My mom and I are leaving for Atlanta tomorrow. I wanted to go out to eat with Karley before my birthday, but God has other plans, which probably involve the hospital. Yay for 40! Thank you all for your continuous prayers. Karley, if you come across this, know that I love you so very much and there is nothing in this world that could stop me from loving you and I know you feel the same way about me.
Even through this teenage phase. I know that you're scared and try to put on a brave face. I couldn't me more proud to be your mom. I'm so sorry I don't tell you enough. Anyways, I'll update later this week This was a huge reminder of how we never know when our time could be up. So, hug your loved ones and hold them tight. Don't go to bed mad.
keep the faith
Don't even leave your loved ones mad. You never know what could happen. Love you all and thanks for letting me practice my typing. I'm a little slow I know I have to turn it over to God, it's more than I can handle, so that's what I'm doing. Update soon. Got my smile back before leaving the hospital! Saturday, September 28, Results of the Cautiously Optimistic. I went in for my results yesterday. As with the other radiation I've had to my lung, it's very cloudy and sometimes we aren't able to fully tell anything for months to a year.
We are going to try to keep me on petscans so we can find anything growing, but you know insurance companies So, nothing lit up on my new pet scan, which is nothing short of the work of God! I feel so blessed that he continues to lead my oncologist into making the right decisions for me.
So, what does this mean? It means they found no active cancer! I say cautiously optimistic because the cloud is there, but I'll take that win! We've started joking around that my father and I have cockroach DNA. I know, sounds supergross, but we get knocked down and get back up and keep on going. I'm not sure how many lives we are on now. So, cockroach DNA for the win this time! I trust in his reasoning wholeheartedly. I may have had a few anxiety attacks When I was packing, one of Karley's cats had his own anxiety attack and ran away.

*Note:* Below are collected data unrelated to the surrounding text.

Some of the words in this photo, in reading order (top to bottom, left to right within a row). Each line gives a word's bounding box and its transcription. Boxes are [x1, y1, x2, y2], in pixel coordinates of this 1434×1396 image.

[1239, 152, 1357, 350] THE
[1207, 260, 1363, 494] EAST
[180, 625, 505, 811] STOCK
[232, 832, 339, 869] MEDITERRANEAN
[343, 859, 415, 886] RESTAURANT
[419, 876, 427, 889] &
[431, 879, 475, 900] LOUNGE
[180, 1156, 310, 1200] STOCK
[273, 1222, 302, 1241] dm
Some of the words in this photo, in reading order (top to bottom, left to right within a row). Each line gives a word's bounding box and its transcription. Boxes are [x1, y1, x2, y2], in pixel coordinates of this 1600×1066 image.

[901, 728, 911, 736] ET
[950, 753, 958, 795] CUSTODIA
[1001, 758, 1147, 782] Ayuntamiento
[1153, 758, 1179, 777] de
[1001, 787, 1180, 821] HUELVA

He was gone for two days and the worrying about that along with scans was making me nuts. But early, the morning of my scan results, my dear friend Jennifer called to let me know he came home.
I was overjoyed, and it was then, I knew it would be a good day. Pics below, the orange one was missing and his sister was either trying to scare him from coming back or waiting on him. I'm not sure. My next scan will be in December. At that point I will have surpassed 7 years on my first line treatment of tarceva. We've had some bumps in the road but have been coming out on top each time. I ask you all to continue to pray that I keep going, especially for my daughter. Statistics are still not good and I continue to surpass them.

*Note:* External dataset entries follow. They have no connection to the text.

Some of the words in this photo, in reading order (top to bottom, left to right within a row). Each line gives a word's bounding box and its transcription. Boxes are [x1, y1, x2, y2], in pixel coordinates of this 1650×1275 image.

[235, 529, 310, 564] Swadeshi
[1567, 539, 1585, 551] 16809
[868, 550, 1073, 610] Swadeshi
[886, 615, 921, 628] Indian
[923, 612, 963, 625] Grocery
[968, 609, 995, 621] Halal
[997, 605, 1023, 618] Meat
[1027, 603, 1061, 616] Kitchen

Please pray for my four friends from Jonesboro High School who also have cancer, we started our own group chat. I met Angela Miller for lunch. Let me just say you are in for a real treat if you try holding a conversation with either of us. We forget words, get confused on topics of discussion, forget in an instant what we are saying.
It did make me laugh longer than I have in a while though. I hate she's going through this too but I't makes me feel a little better that I'm not a mess by myself. Please pray for her, she has 3 little ones she loves so much. I know how hard it is to have your world turn upside down. Its devastating. My dearest friend in St. Simons recently got diagnosed with breast cancer.
I swear I'm not giving it to people! We need love more than we need the air we breathe. Without it, our lives cease to make sense.